DATA:
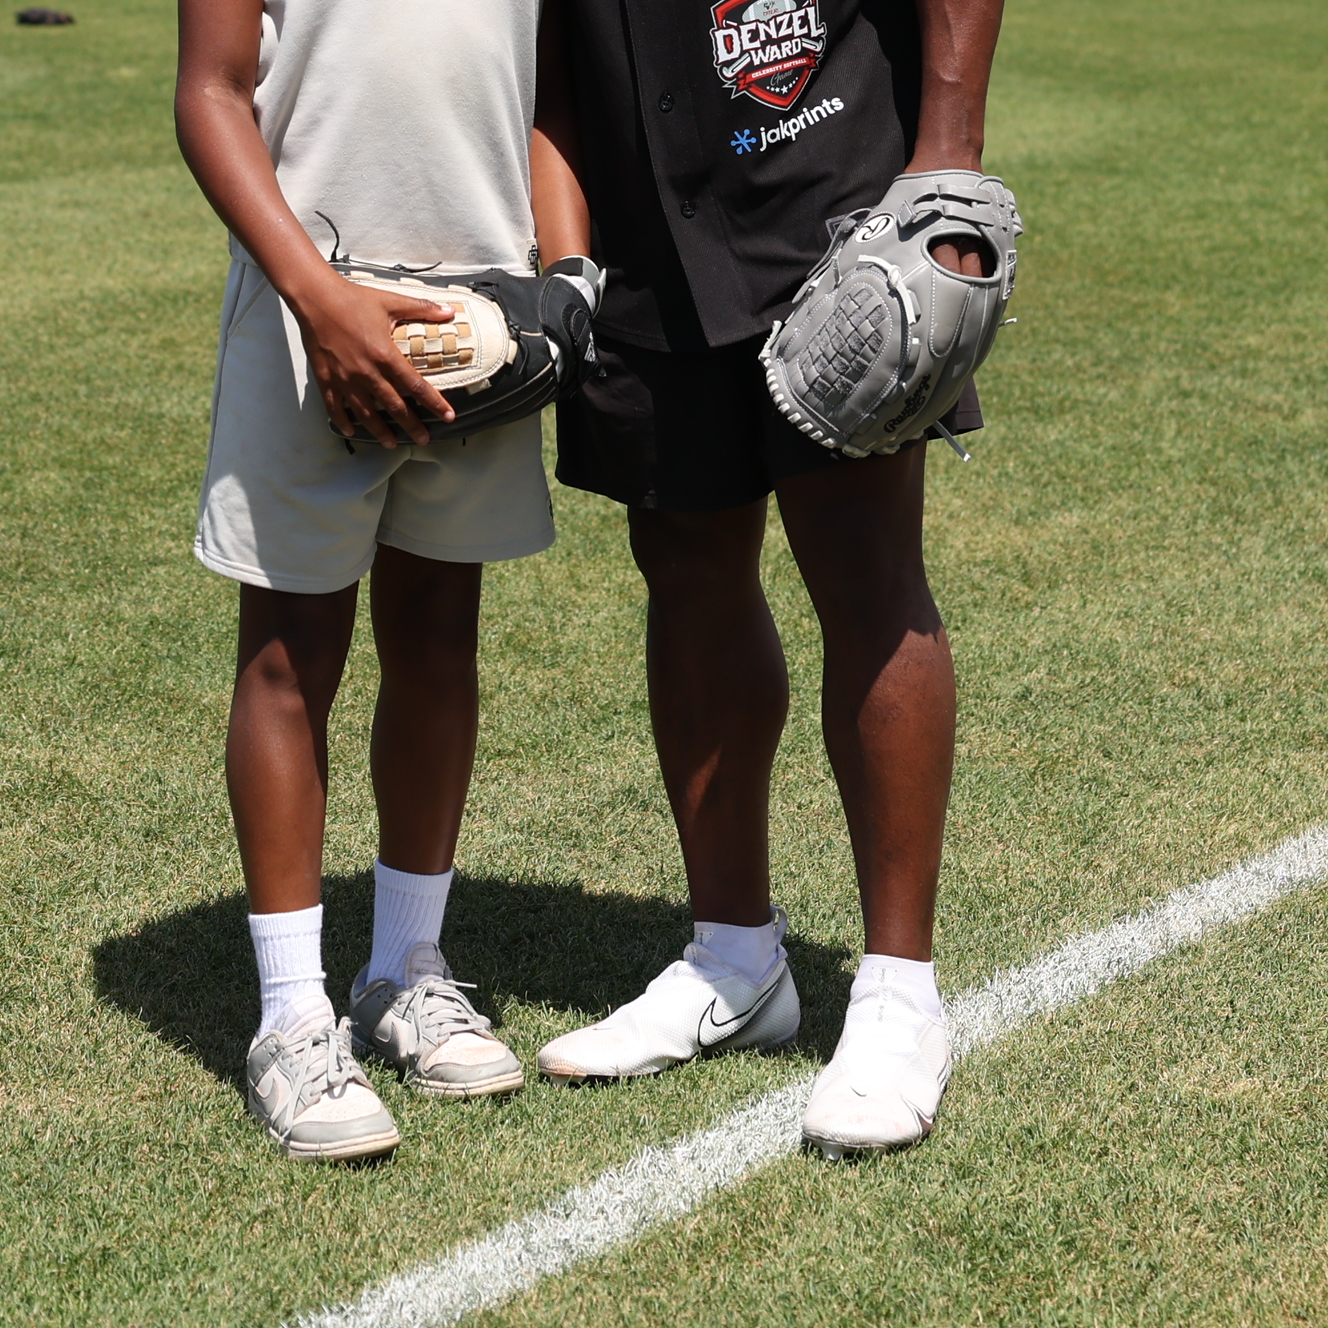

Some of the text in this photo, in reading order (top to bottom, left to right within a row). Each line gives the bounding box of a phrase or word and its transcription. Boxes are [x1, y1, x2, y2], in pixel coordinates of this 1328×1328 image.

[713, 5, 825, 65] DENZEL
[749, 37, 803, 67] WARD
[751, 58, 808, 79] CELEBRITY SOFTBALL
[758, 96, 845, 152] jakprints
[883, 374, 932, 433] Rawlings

GOAL OF THE EXERCISE: Pictures included in the data should be dropped; everything else must be repeated exactly.

ANSWER BOX:
Some of the text in this photo, in reading order (top to bottom, left to right within a row). Each line gives the bounding box of a phrase or word and its transcription. Boxes are [x1, y1, x2, y2], in pixel coordinates of this 1328×1328 image.

[713, 5, 825, 65] DENZEL
[749, 37, 803, 67] WARD
[751, 58, 808, 79] CELEBRITY SOFTBALL
[758, 96, 845, 152] jakprints
[883, 374, 932, 433] Rawlings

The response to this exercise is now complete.